A New Pore Pressure Prediction Method for Unconventional Resources
Presented by: Kim McLean, Team Lead - Formation Evaluation
Featured technology: Pore Pressure for Unconventionals
The pore pressure prediction method proposed in this study is a modified Eaton-based velocity-effective stress approach that accounts for the significant inorganic mineralogy, lithology and porosity variations that occur in unconventional resource stratigraphies. Based on a rock physics model, the approach corrects for mineralogy and porosity variations to obtain a sonic velocity where overpressure is the main controlling factor on the corrected sonic velocities. Additionally, the influence of organic minerals (kerogen, TOC) on sonic velocities and density in mud rock are accounted for in this approach. Using well log data, the mineralogical compositions are estimated from multi-mineral inversion. After correcting for these factors, the approach presented gives acceptable pore pressure prediction results that conform with measured DFIT pressure data.

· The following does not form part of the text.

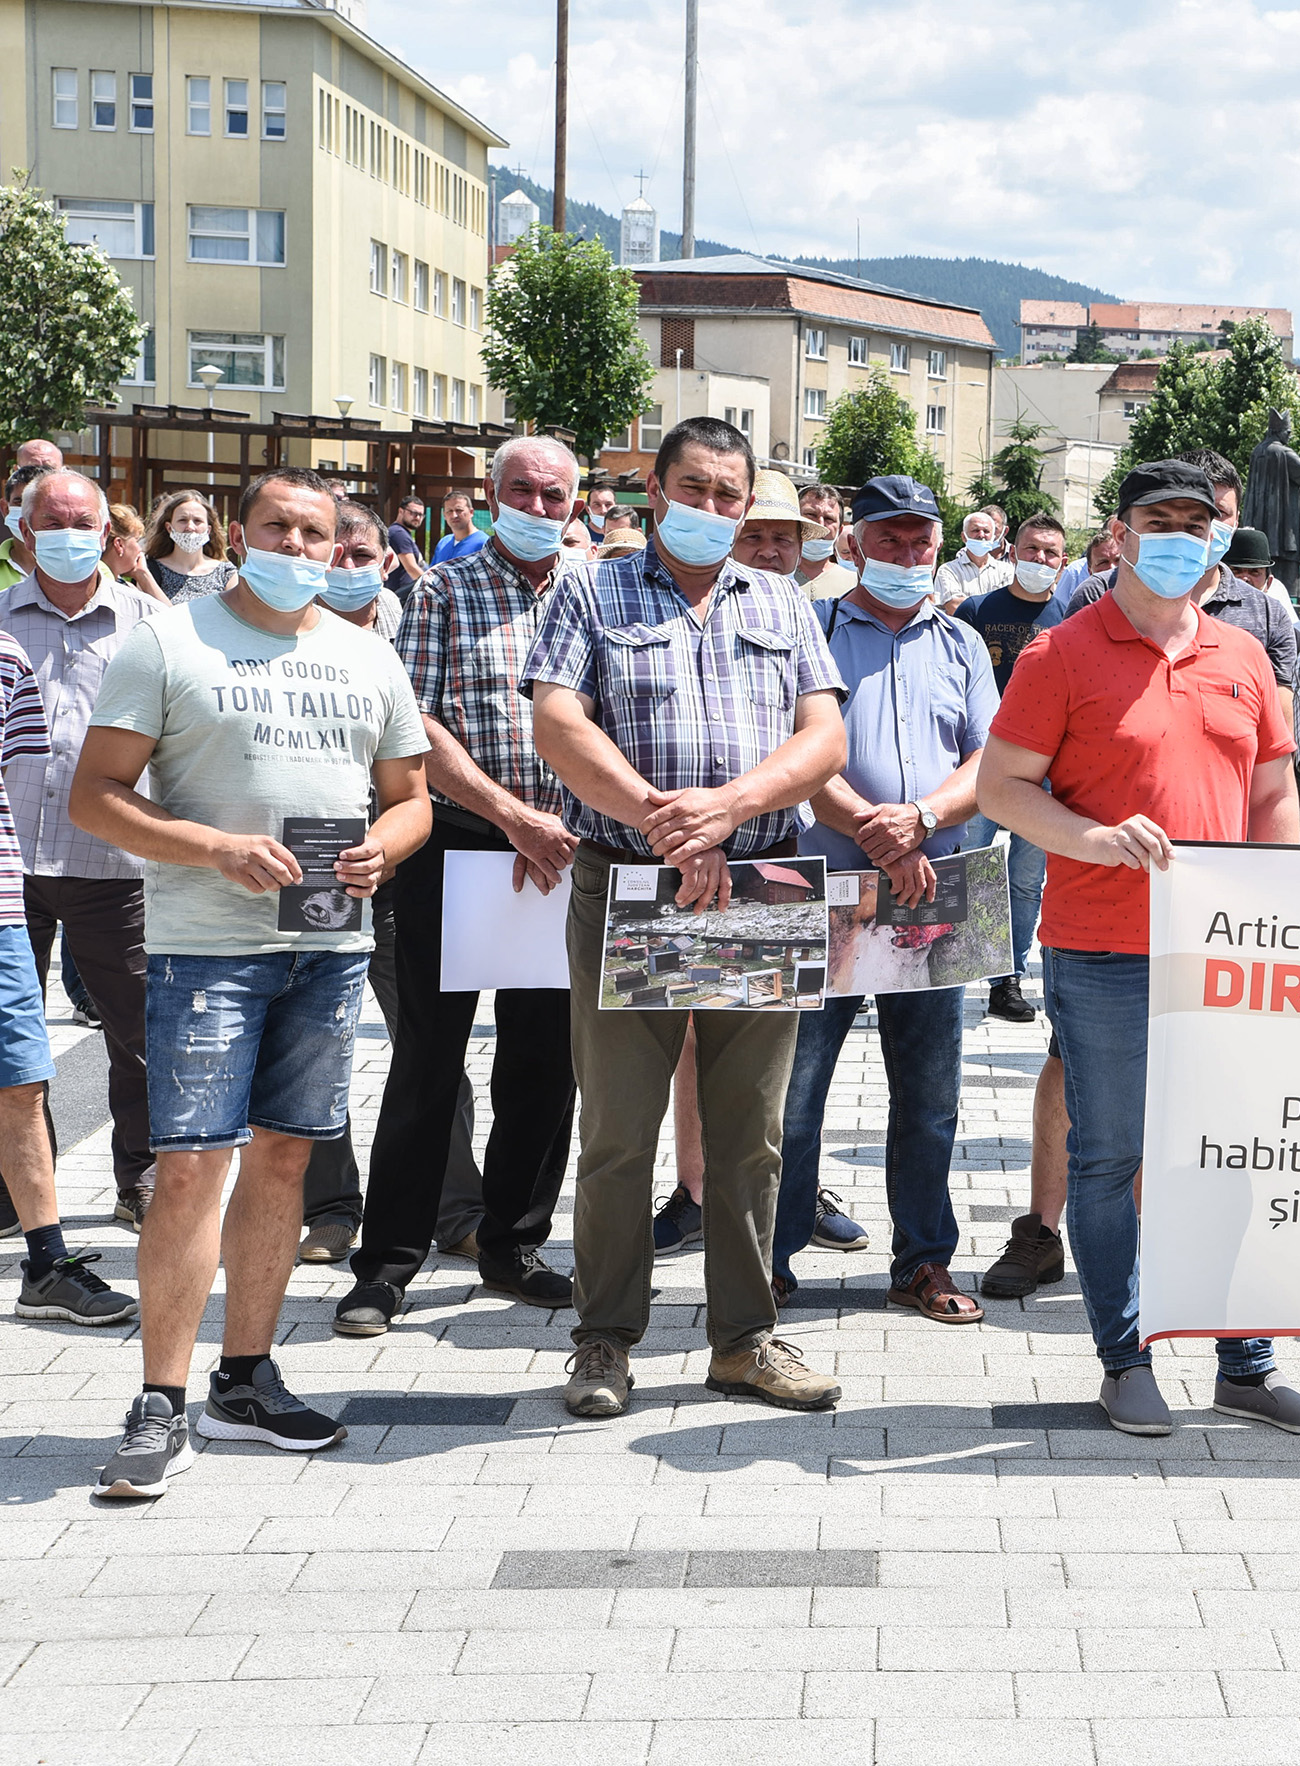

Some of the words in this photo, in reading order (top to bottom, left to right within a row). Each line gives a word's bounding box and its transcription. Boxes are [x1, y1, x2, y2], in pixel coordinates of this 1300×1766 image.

Kim McLean, Team Lead - Formation Evaluation
Kim McLean received her Bachelors of Science degree from the University of New Orleans before continuing to Central Washington University, where she studied the structural geology of the Tien Shan in Kyrgystan for her Master’s thesis. After receiving her MSc, Kim entered the energy industry, and now has over 15 years of experience. She worked at Halliburton and Paradigm before spending two years as the petrophysicist for the Pike Asset team with BP in Calgary. At Emerson E&P Software, Kim applies her practical petrophysical experience to the work she does with the Geolog Formation Evaluation application.